Gualtiero Card. Bassetti

Foligno – secondi per la solennità di San Feliciano patrono della città

Venerdì 24 gennaio nei secondi vespri per la Solennità della Festa del Patrono e Martire San Feliciano Mons. Gualtiero Sigismondi Vescovo della Diocesi di Foligno, in chiusura della seconda visita pastorale, ha sottolineato che “C’è bisogno, dunque, di una Chiesa che non abbia come obiettivo pastorale quello tattico del mantenimento, ma quello strategico della formazione delle coscienze …. C’è bisogno di riconoscere che il problema non è la riforma delle istituzioni, le chiese vuote e la crisi delle vocazioni: il problema è la fede”.

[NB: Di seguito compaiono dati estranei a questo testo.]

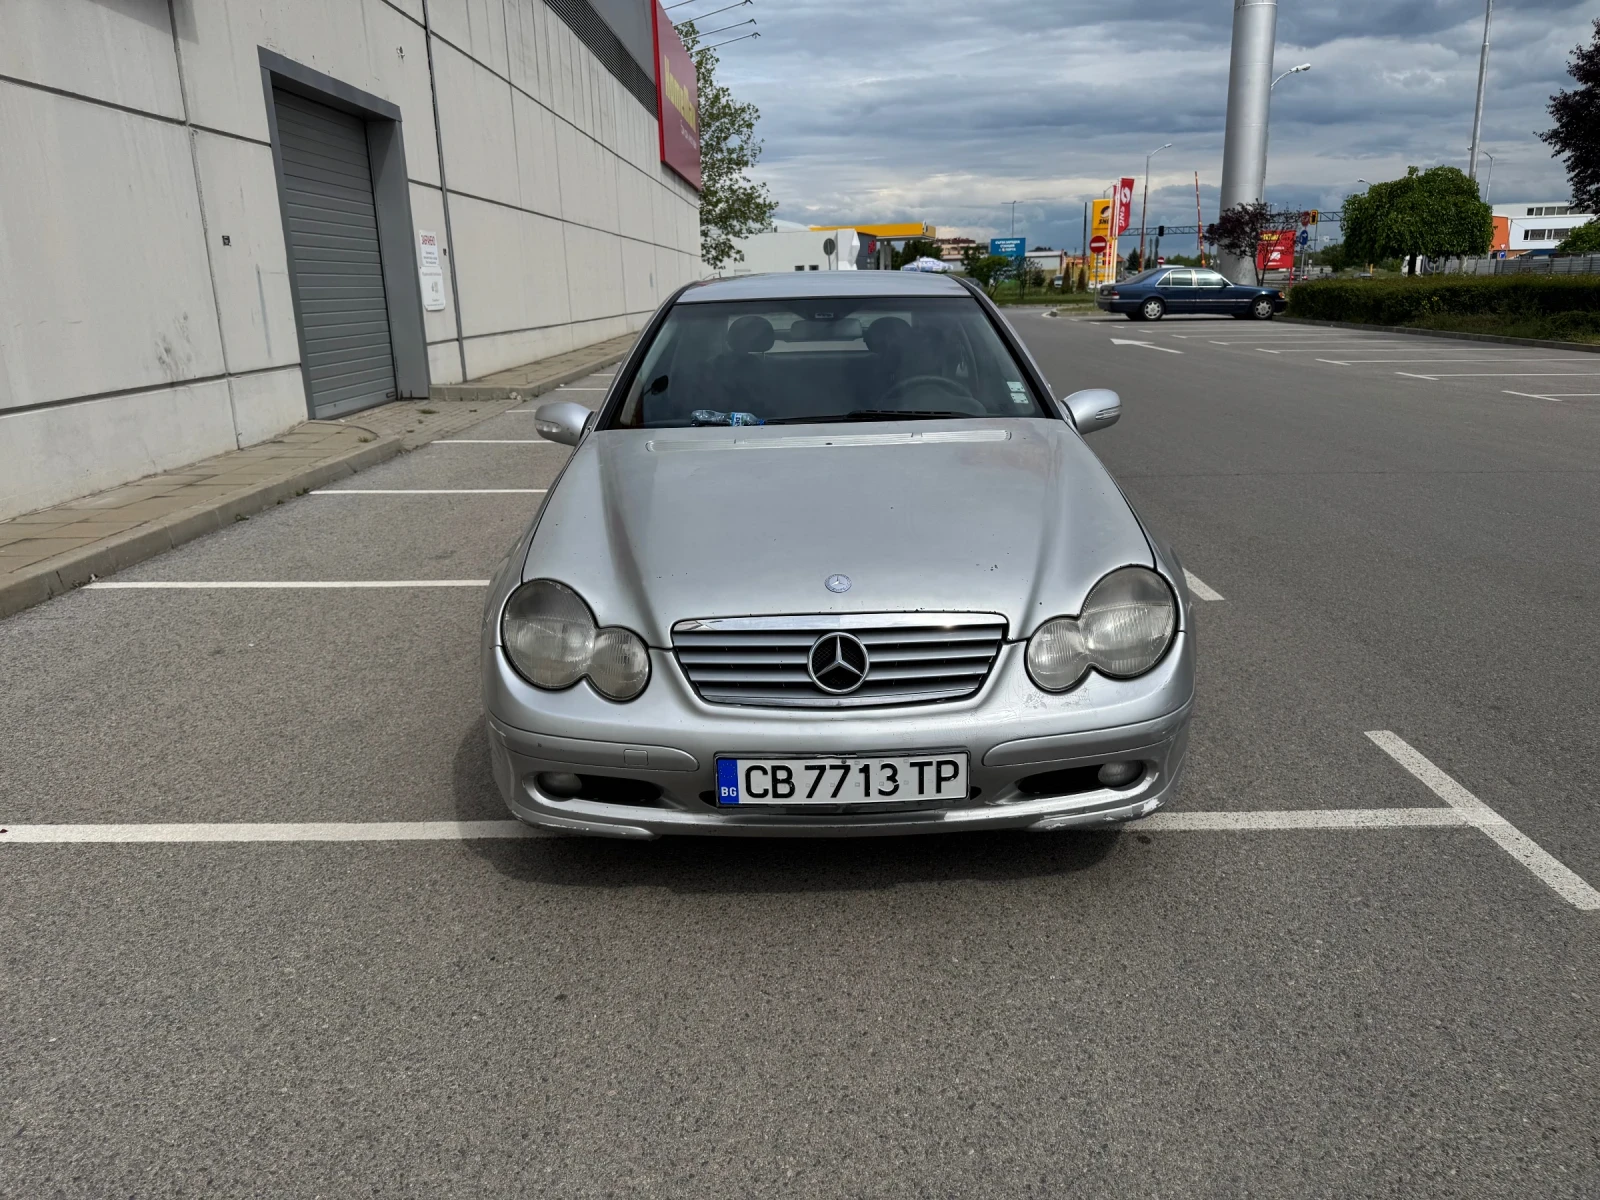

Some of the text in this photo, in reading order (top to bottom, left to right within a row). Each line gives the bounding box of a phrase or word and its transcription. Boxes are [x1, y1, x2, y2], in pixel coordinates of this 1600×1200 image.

[721, 786, 737, 797] BG
[745, 759, 960, 799] CB 7713 TP

Il testo dell’omelia di mons. Gualtiero Sigismondi
“Fratelli carissimi, la Passio sancti Feliciani disegna la biografia del nostro Patrono piuttosto che gli Atti del suo martirio. La parola dell’apostolo Pietro, che abbiamo ascoltato, si rivolge a quanti, come san Feliciano, hanno sofferto a causa del Vangelo: “Nella misura in cui partecipate alle sofferenze di Cristo, rallegratevi” (1Pt 4,13). La ragione di questo invito alla gioia è duplice: la sopportazione delle sofferenze, patite per il nome di Cristo, assicura la partecipazione alla sua gloria e permette allo Spirito di Dio di trovare riposo nel cuore dei suoi fedeli.
Che lo Spirito santo riposi nei nostri cuori ho potuto sperimentarlo, con meraviglia nuova, durante la Visita pastorale, conclusa con la processione appena terminata. Cammin facendo, oltre a riconoscere i “semi del Verbo” sparsi ovunque – al quadrivio della nostra città, ai crocicchi delle strade e all’interno di tante abitazioni –, mi sono reso conto che, come discepoli del Signore, il problema non è essere poco numerosi – i giovani sono l’indice più alto di questo processo –, quanto piuttosto diventare insignificanti. C’è bisogno, dunque, di una Chiesa che non abbia come obiettivo pastorale quello tattico del mantenimento, ma quello strategico della formazione delle coscienze. C’è bisogno di una Chiesa che faccia squadra: è la condizione per camminare insieme. C’è bisogno di riconoscere che “il problema non è la riforma delle istituzioni, le chiese vuote e la crisi delle vocazioni: il problema è la fede”. A questa diagnosi, compiuta da Benedetto XVI, Papa Francesco risponde con la terapia indicata nella Evangelii gaudium, in cui invita ad essere audaci e creativi nel “ripensare gli obiettivi, le strutture, lo stile e i metodi dell’evangelizzazione”. Non si tratta di preparare piani pastorali elaborati, ma di riproporre la missione come esperienza nativa e costitutiva della Chiesa, riconsegnando alle comunità cristiane gli Atti degli Apostoli.
Fratelli carissimi, il libro degli Atti chiama i primi cristiani “quelli della Via” (cf. 9,2), quelli che seguono Cristo: “Via, Verità e Vita” (Gv 14,6). Consapevoli della responsabilità che questo nome comporta, è necessario progettare nuovi percorsi di iniziazione cristiana: si tratta di ridire la fede in modo nuovo, di riscoprire l’amicizia come luogo dell’annuncio e di evangelizzare casa per casa. “Cammin facendo, predicate” (cf. Mt 10,7): questa missione, che Gesù affida ai Dodici, san Feliciano l’ha vissuta “fino alla fine”. La morte non l’ha rapito a casa, ma per strada. I suoi piedi, stretti tra l’incudine del carico degli anni e il martello dei persecutori, hanno ceduto prima ancora che il suo cuore cessasse di battere. Hanno ceduto lungo la via consolare Flaminia che l’avrebbe condotto a Roma, caput et mater omnium ecclesiarum. Il sangue di san Feliciano non è rimasto senza frutto: ha posto il seme della fede apostolica nella nostra terra; il suo sangue, dello stesso “gruppo sanguigno” degli Apostoli, ha edificato la nostra città e diocesi. I carnefici hanno osato legare le sue mani, ma non sono riusciti a restringere l’abbraccio del suo sguardo benedicente”.